How Can We Fix Personal Jurisdiction?

The Supreme Court heard two personal jurisdiction cases this term, Goodyear (general jurisdiction) and Nicastro (specific jurisdiction).  The Nicastro case could have resolved an open question in civil procedure, namely whether defendants in products liability cases can be subject to personal jurisdiction based on the "stream of commerce" test, whereby placing an article in the stream of commerce and knowing that it might end up in the forum state is sufficient for personal jurisdiction, or whether defendants should be subject to personal jurisdiction under the "stream of commerce plus" test whereby the defendant also must have targeted the forum or purposefully availed itself of the forum state.  Each of these theories commanded a four Justice plurality in the Asahi case.

Alas, the Supreme Court could not bring itself to resolve this question in Nicastro.  In a 4-2-3 decision, the court found that New Jersey could not exercise jurisdiction over a foreign company which sold machines to a U.S. distributor (the distributor then sold the machines, and the machine which caused plaintiff's injury ended up in New Jersey).  A four justice plurality led by Justice Kennedy basically endorsed the "stream of commerce plus" test, while the three dissenters would have found jurisdiction based on Justice Brennan's stream of commerce theory.  

But Justices Breyer and Alito held resolution at bay, agreeing that NJ lacked jurisdiction, but refusing to sign onto the plurality's reasoning.  The Breyer opinion suggests that this case does not reflect the modern realities of commerce and therefore is a poor vehicle to make broad conclusions and pronouncements about jurisidiction.  

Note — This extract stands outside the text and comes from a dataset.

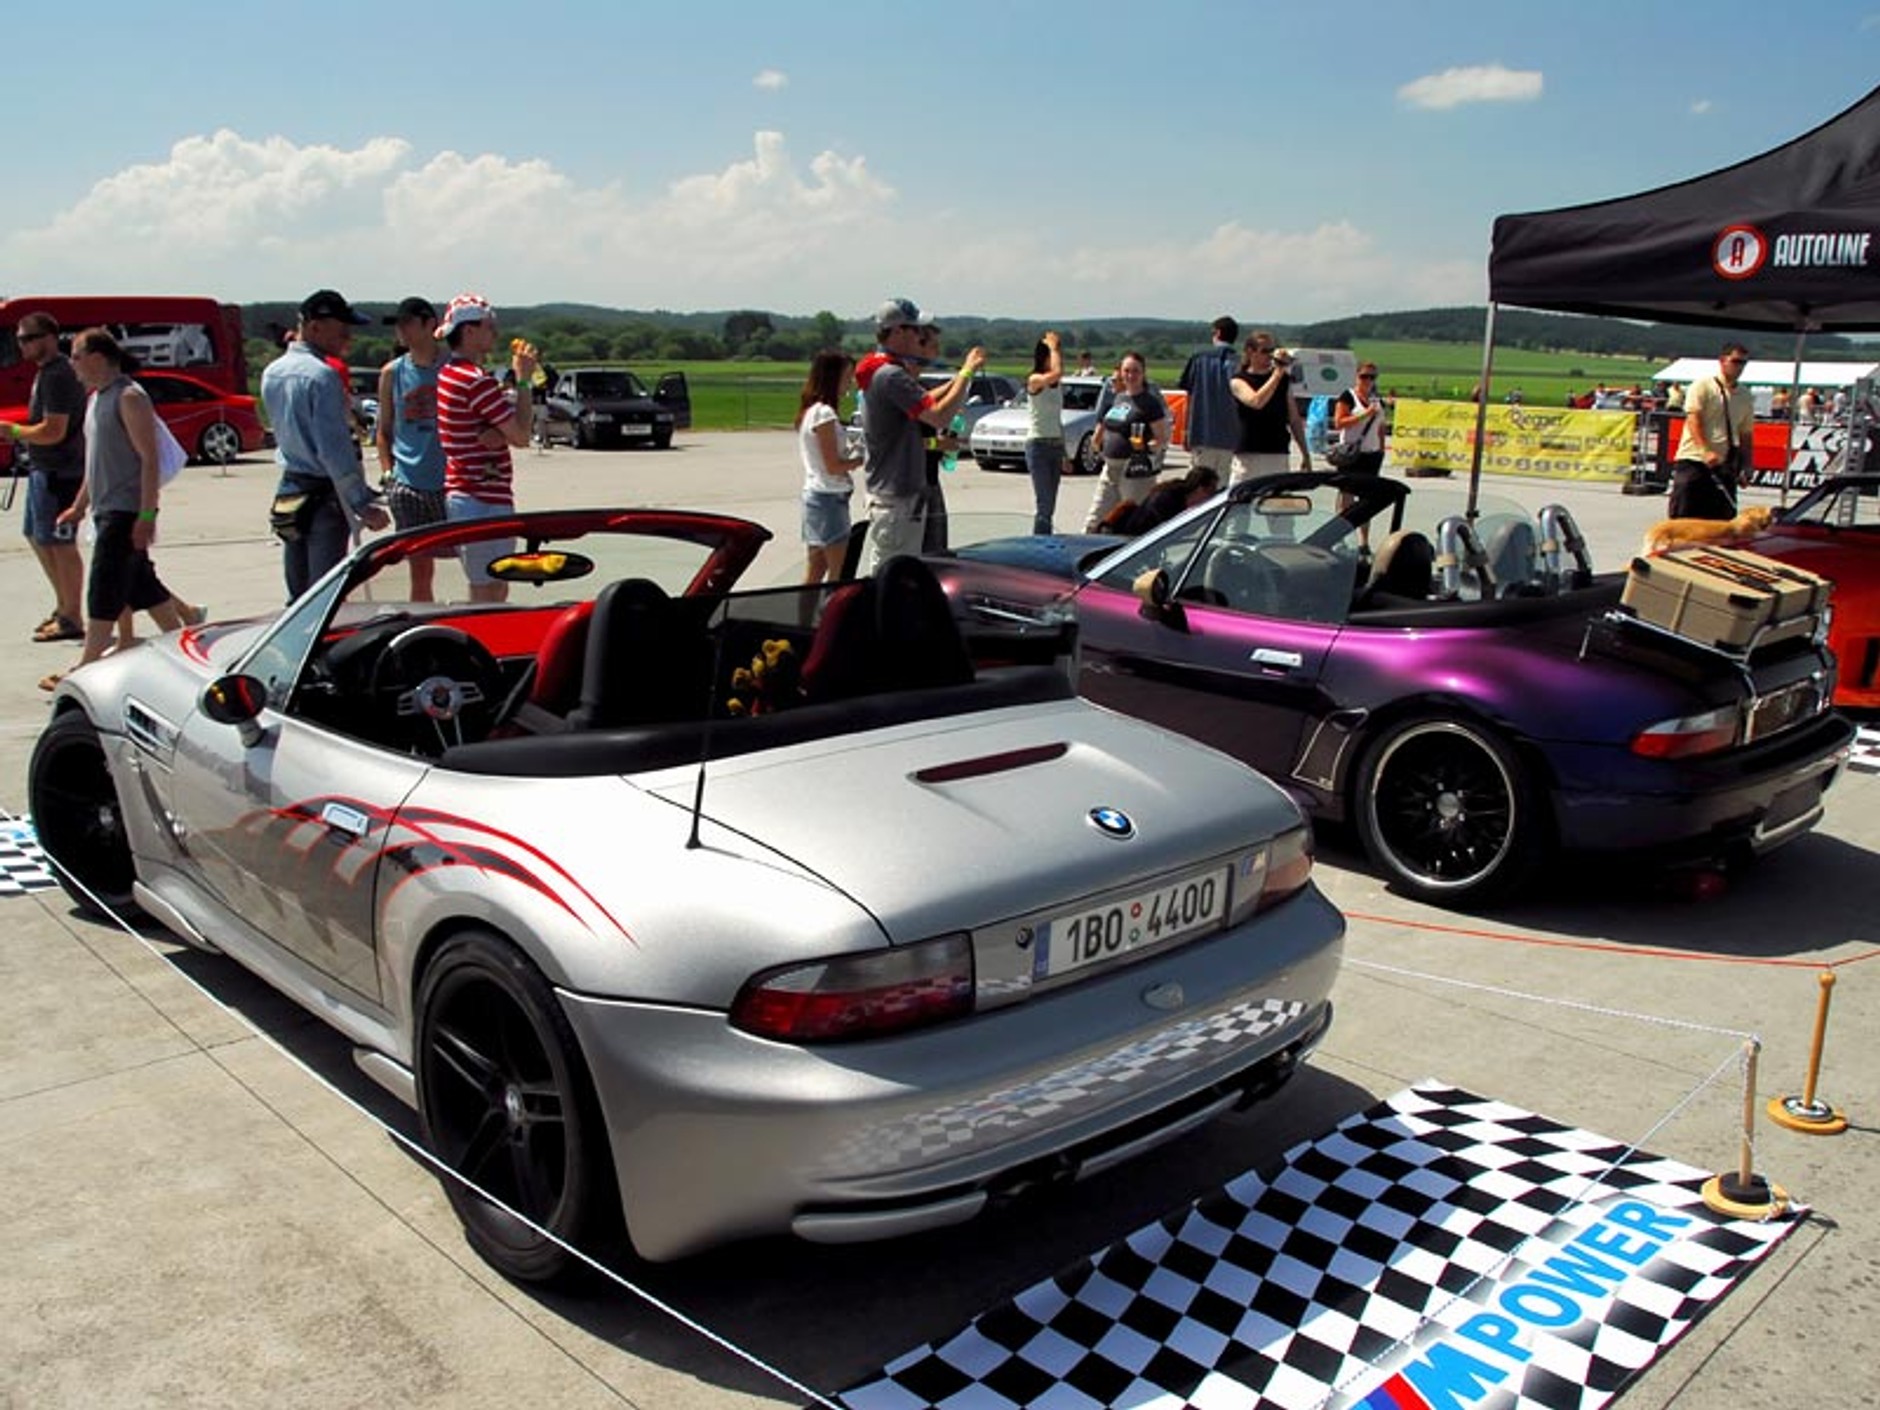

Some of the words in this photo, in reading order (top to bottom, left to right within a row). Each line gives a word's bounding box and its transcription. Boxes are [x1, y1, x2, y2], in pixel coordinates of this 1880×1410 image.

There is much to be said about the merits of each position and the reasoning in the opinions in this case, but I'd like to use this post to raise a small structrual question:  In the absence of a clear statement from the Court about personal jurisdiction, is there any way to move forward with clearer jurisdictional rules?  Should we expect more from the Court in this area of law?

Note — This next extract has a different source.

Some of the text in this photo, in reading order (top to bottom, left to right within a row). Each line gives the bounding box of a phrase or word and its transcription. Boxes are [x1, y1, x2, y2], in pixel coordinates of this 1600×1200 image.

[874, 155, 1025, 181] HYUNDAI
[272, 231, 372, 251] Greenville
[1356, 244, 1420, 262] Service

The outer boundaries on personal jurisdiction come from the due process clauses in the Fifth and Fourteenth amendments to the Constitution.  They are not rules that were drafted by Congress, or by another legislative or regulatory body.  Does this mean that we are stuck with uncertainty until the Court sees fit to resolve the issue?  Maybe, and maybe not.  Congress and/or the drafters of the Federal Rules of Civil Procedure could expand the possibility of nationwide service of process which is currently available in federal question cases in which the defendant is not subject to jurisdiction in any one forum.  In other words, it cover situations in which the "aggregate" contacts with the U.S. might be sufficient when contacts with individual states are not.  Perhaps this rule could be expanded to include cases brought under diversity jurisdiction.  This might be possible under the analysis that it is the "sovereign" (here, the U.S.) that must have power over the defendant, but such a rule would noticeably leave state courts out of the solution.  Furthermore, interpreting such a rule would probably land us rather quickly back to the central due process questions from Asahi and Nicastro anyhow.

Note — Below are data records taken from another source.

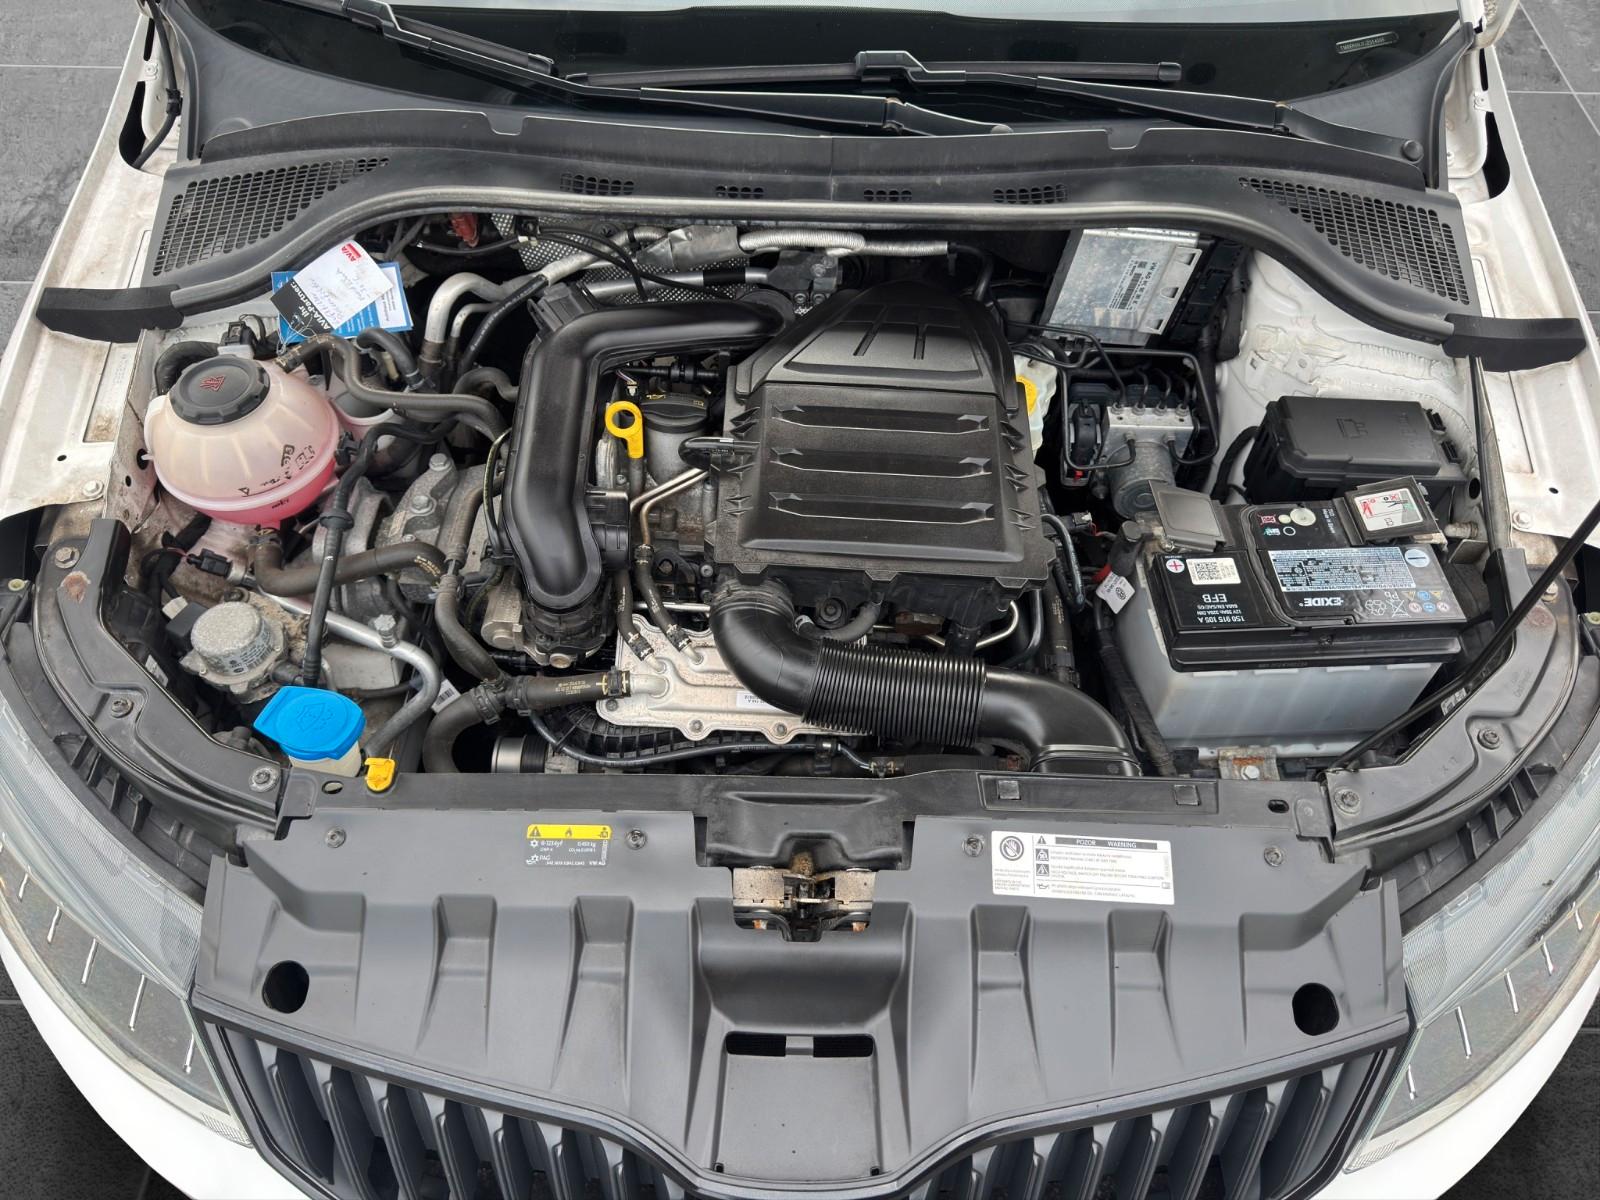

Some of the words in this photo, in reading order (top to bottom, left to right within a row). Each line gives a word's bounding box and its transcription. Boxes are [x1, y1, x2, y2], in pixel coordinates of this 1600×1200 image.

[340, 245, 357, 262] AVIA
[290, 281, 331, 330] AVIA-Partner:
[298, 305, 310, 318] Ihr
[1202, 593, 1228, 603] EFB
[1303, 596, 1344, 607] EXIDE
[1077, 838, 1097, 846] POZOR
[1107, 840, 1137, 849] WARNING

So, given that a solution to this problem is almost entirely in the hands of the Court, should we have expected better of them in terms of giving an answer?  I am skeptical of Justice Breyer's search for the "better" case in which to announce a rule.  If there is one reality of modern commerce, it is probably that transactions are so intricate and diverse in nature, and that there is not a prototypical case.  District courts will regularly confront cases in which a product ends up in a forum state with the help of a distributor and without the help of the Internet or e-commerce, and they would benefit from clarity in this area.  Yes, each case will look a little different, but that is what has bedeviled personal jurisdiction from its modern International Shoe origins.  It would not have been impossible to give an answer in Nicastro and then further clarify it in later cases in which e-commerce raises genuinely unique questions.

Each opinion stresses the primacy of the due process analysis in personal jurisdiction cases.  But, due process is at the heart of every case precisely because personal jurisdiction must be present in each case.  In an area of law which touches virtually every single civil case that is filed, is it not itself a problem for the Court to deprive us of answers?  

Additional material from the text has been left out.